Cybersecurity report finds more focused and frequent breaches or attacks
The government's annual Cybersecurity Breaches Survey 2019 has revealed that the overall figures for identified data breach or cybersecurity incidents had decreased from 43% in 2018 to 32% in 2019, however, the average number of known incidents had tripled from two in 2017 to six in 2019.
Commissioned by the Department for Digital, Culture, Media & Sport, the report found that nearly a third (32%) of businesses had identified a cybersecurity breach or attack during the previous 12 months. Nearly half of those (48%) had identified at least one breach or attack per month.
The study found that data breaches and cyber-attacks were more prevalent within medium sized businesses (60%) and large organisations (61%).
Kingsley Hayes, managing director at data breach and cybersecurity specialist Hayes Connor Solicitors, said: "The report highlights that cyber attacks and data breaches are more focused and frequent. There are several factors influencing the figures from increased awareness and reporting in the advent of GDPR, to a growing number of organisations addressing cybersecurity on a more strategic level."
"It is no surprise that medium and large organisations are more vulnerable with the volume of data held attractive to cyber criminals and large staffing numbers increasing the chances of human error leading to a serious data breach."
"The report has revealed a positive trend in organisations taking cybersecurity more seriously, GDPR has no doubt greatly influenced changing behaviours by increasing awareness and accountability."
The survey found that since GDPR came into effect, nearly a third (30%) of businesses had made changes to their cybersecurity. Three fifths (60%) had created new policies; 15% delivered additional staff training and communication; 11% changed their organisation's firewall or system configuration and 6% had created contingency plans.

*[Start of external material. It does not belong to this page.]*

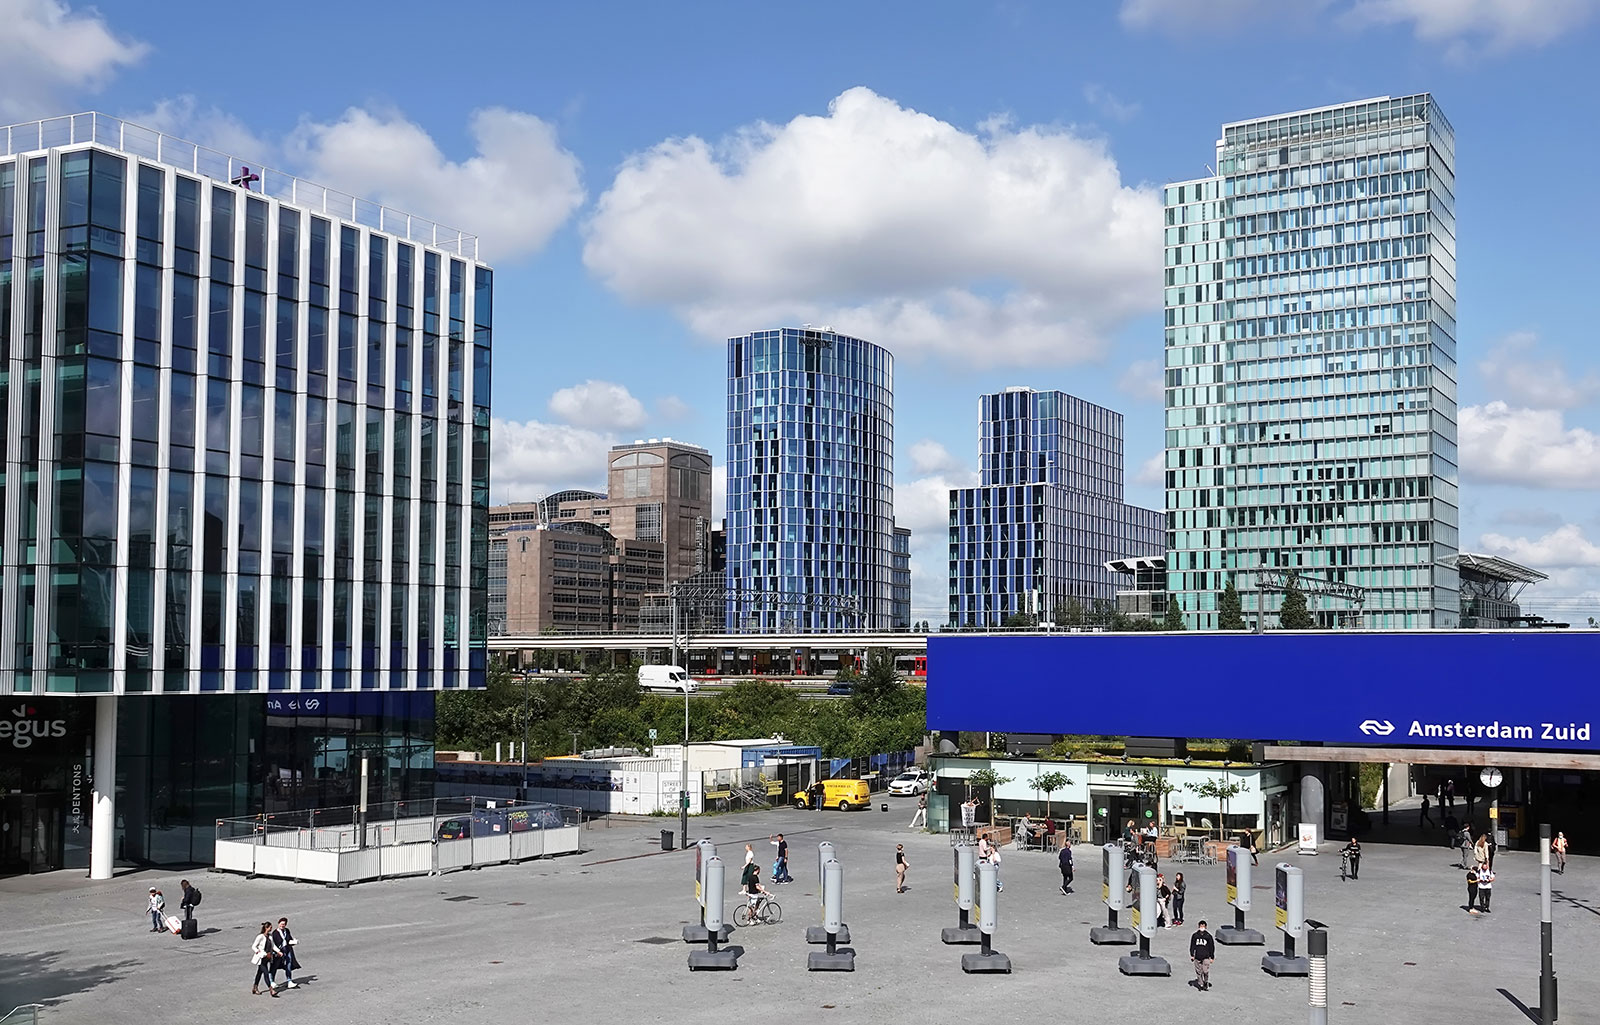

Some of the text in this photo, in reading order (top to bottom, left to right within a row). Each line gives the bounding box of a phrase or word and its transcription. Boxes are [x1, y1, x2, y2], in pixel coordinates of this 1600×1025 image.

Kingsley Hayes continued: "It is positive to see that some businesses are taking robust steps to protect their data and assets however, the report exposes that there are still a vast majority who are still not implementing all the preventative measures required to protect their business, their customers and their reputation."
The survey reported that the most common data breaches were phishing attacks, organisations being impersonated online or via emails and viruses, spyware or malware.